◆ **Information shown**

*** Begin section ***

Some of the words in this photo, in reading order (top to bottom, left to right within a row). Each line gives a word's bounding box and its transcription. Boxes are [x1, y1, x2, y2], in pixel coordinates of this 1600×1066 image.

*** End section ***
*** Begin section ***

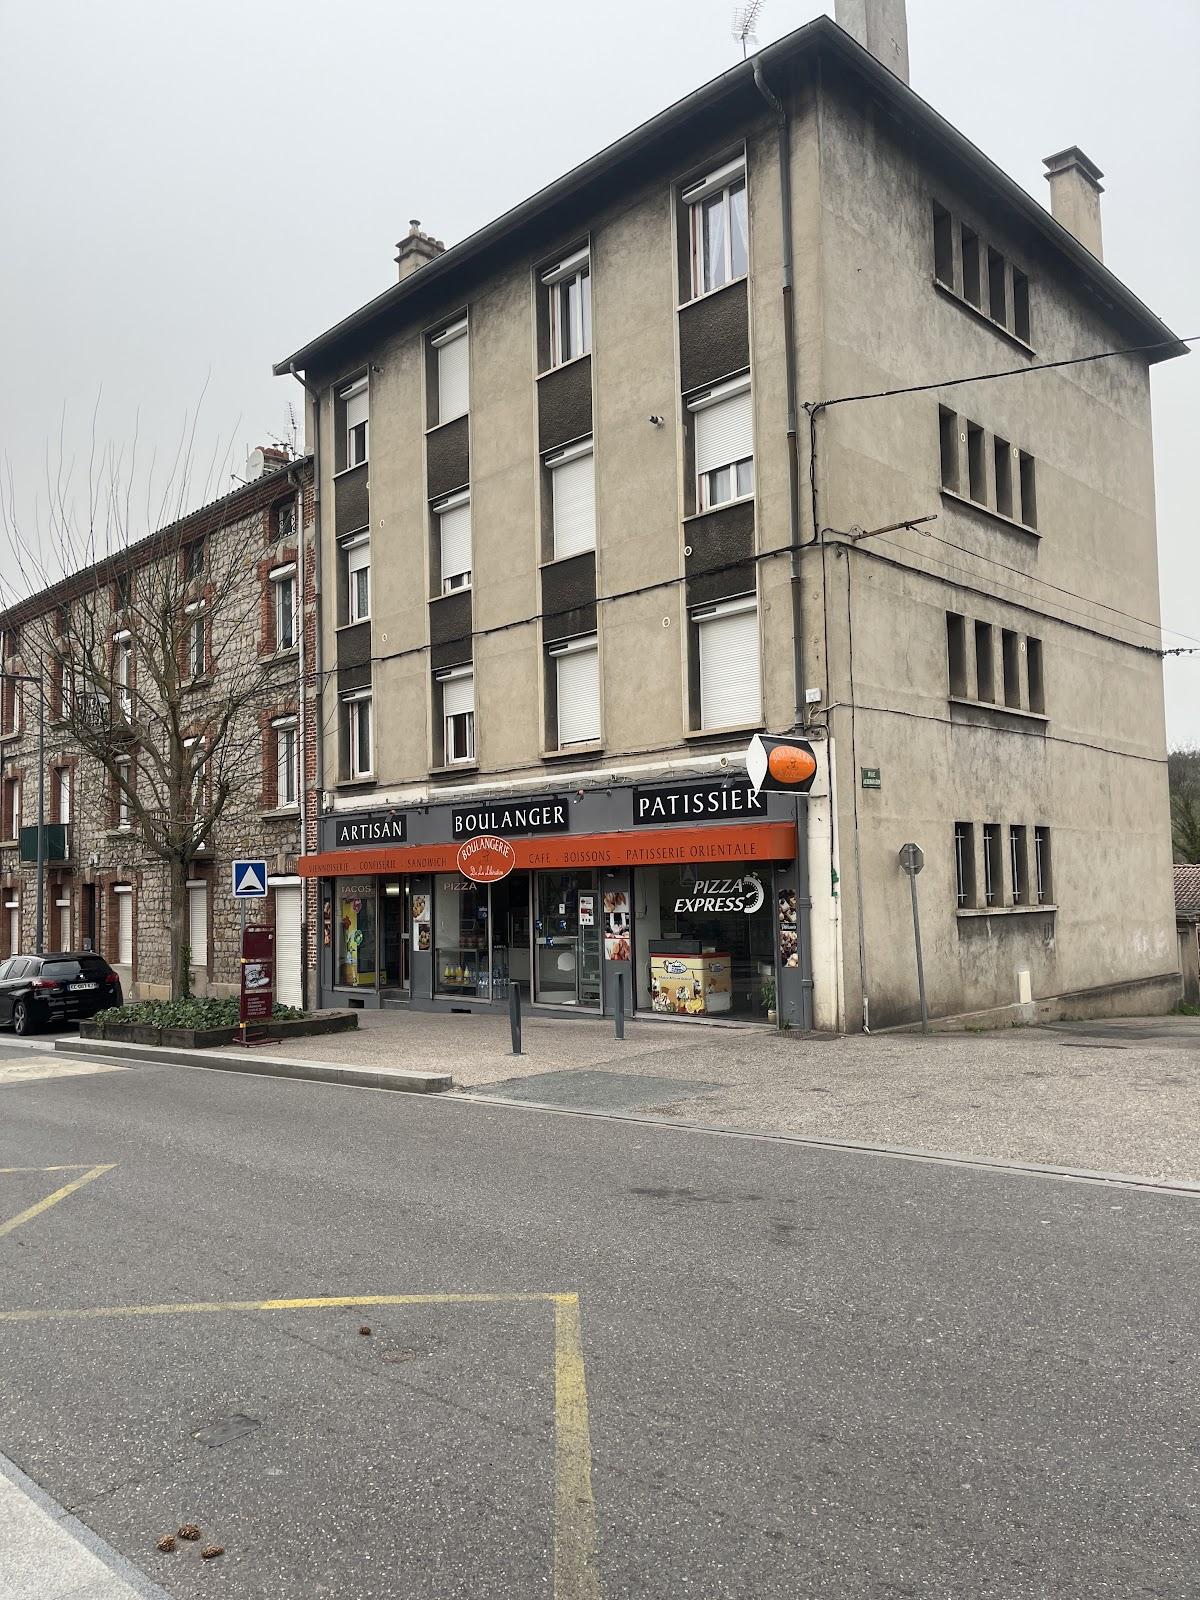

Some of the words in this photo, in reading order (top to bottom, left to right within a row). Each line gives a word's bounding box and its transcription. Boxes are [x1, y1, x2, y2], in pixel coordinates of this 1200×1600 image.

*** End section ***
*** Begin section ***

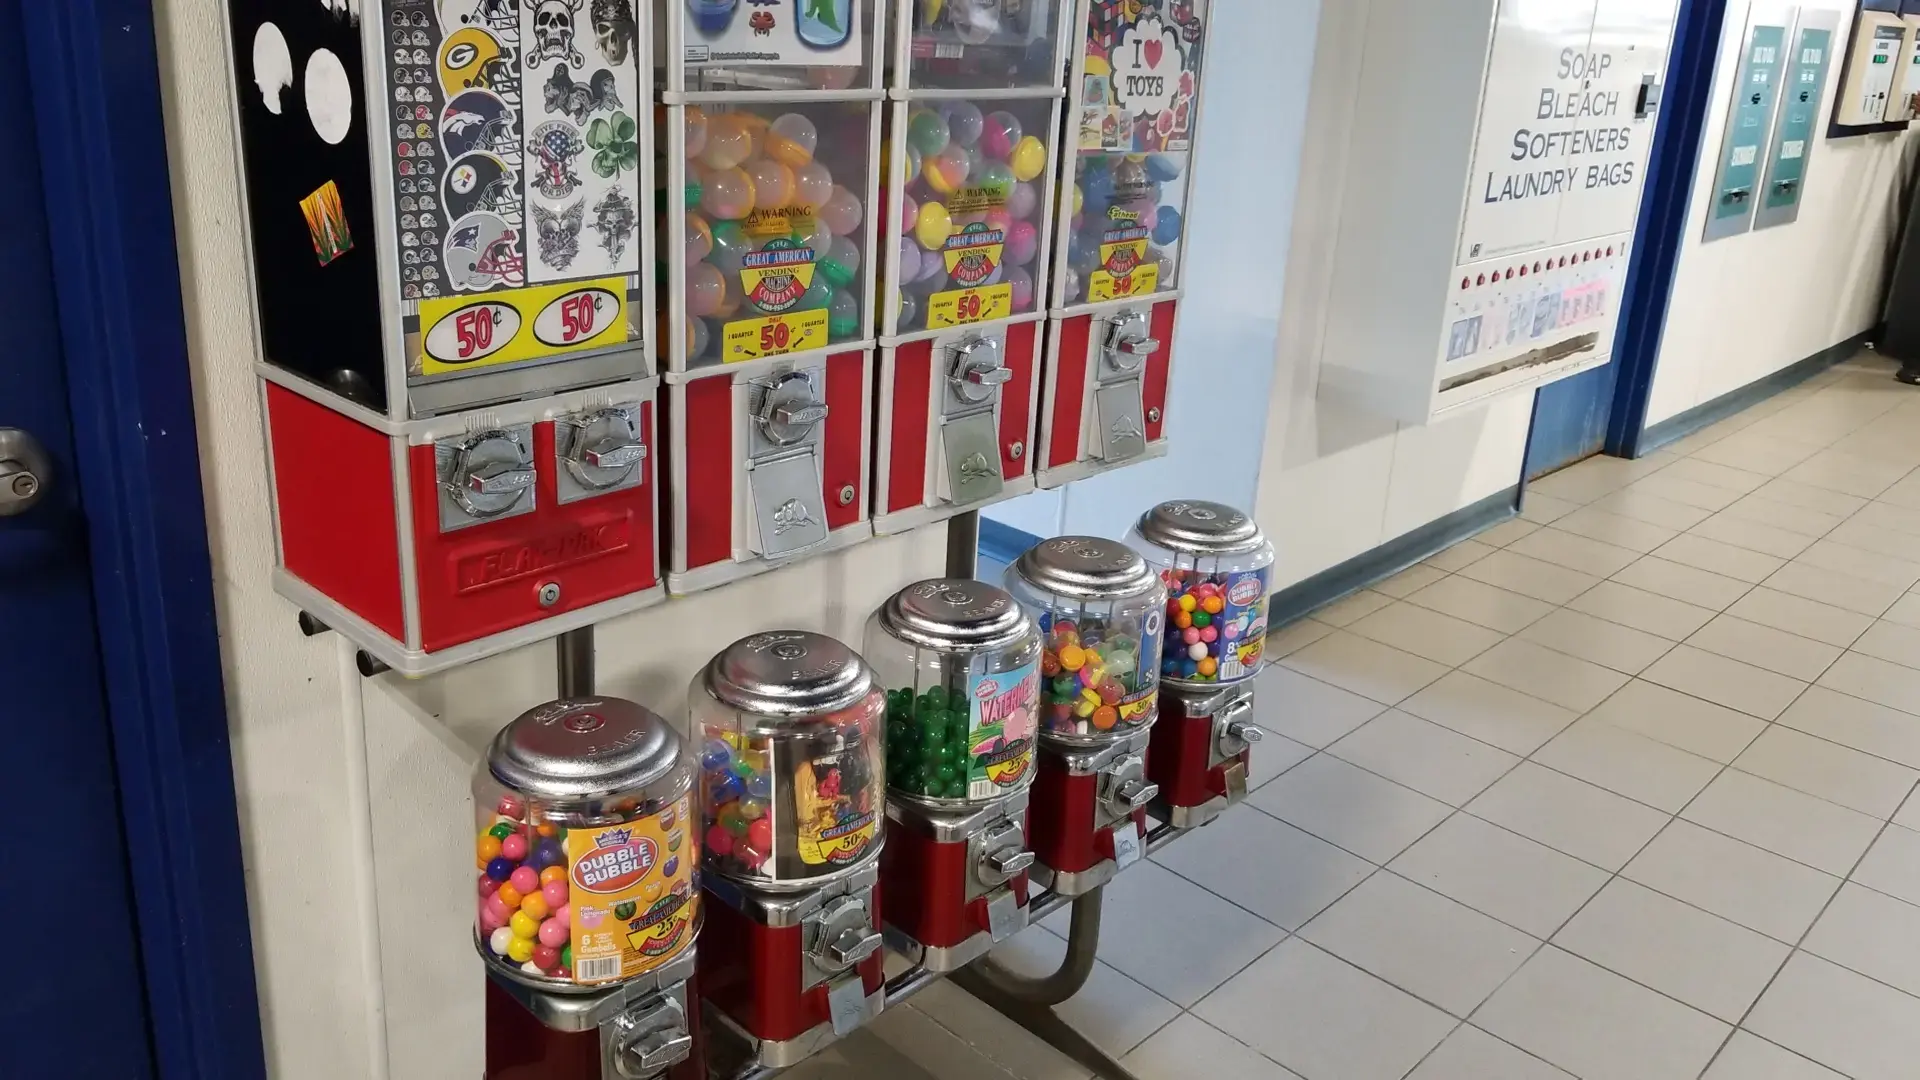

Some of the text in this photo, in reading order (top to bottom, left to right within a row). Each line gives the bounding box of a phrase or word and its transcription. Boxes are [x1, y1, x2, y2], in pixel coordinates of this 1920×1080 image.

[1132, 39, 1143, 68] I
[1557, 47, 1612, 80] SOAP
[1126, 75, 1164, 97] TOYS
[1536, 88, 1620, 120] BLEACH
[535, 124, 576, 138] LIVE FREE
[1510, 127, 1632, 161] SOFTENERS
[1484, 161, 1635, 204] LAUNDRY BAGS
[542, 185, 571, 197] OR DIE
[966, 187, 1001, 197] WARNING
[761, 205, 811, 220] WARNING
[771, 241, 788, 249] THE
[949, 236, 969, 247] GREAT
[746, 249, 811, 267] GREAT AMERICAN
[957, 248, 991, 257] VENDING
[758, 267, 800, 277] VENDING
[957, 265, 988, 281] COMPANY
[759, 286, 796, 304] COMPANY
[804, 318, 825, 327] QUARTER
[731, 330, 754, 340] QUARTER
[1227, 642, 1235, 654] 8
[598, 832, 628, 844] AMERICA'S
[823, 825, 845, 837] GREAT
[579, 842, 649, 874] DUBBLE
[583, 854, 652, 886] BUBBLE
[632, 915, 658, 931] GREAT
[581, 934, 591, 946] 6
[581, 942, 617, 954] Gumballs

*** End section ***

◆ **Work to complete**
Where in the entries does the word "words" occur? Copy out each line that has it.

◆ **Written response**
Some of the words in this photo, in reading order (top to bottom, left to right within a row). Each line gives a word's bounding box and its transcription. Boxes are [x1, y1, x2, y2], in pixel coordinates of this 1600×1066 image.
Some of the words in this photo, in reading order (top to bottom, left to right within a row). Each line gives a word's bounding box and its transcription. Boxes are [x1, y1, x2, y2], in pixel coordinates of this 1200×1600 image.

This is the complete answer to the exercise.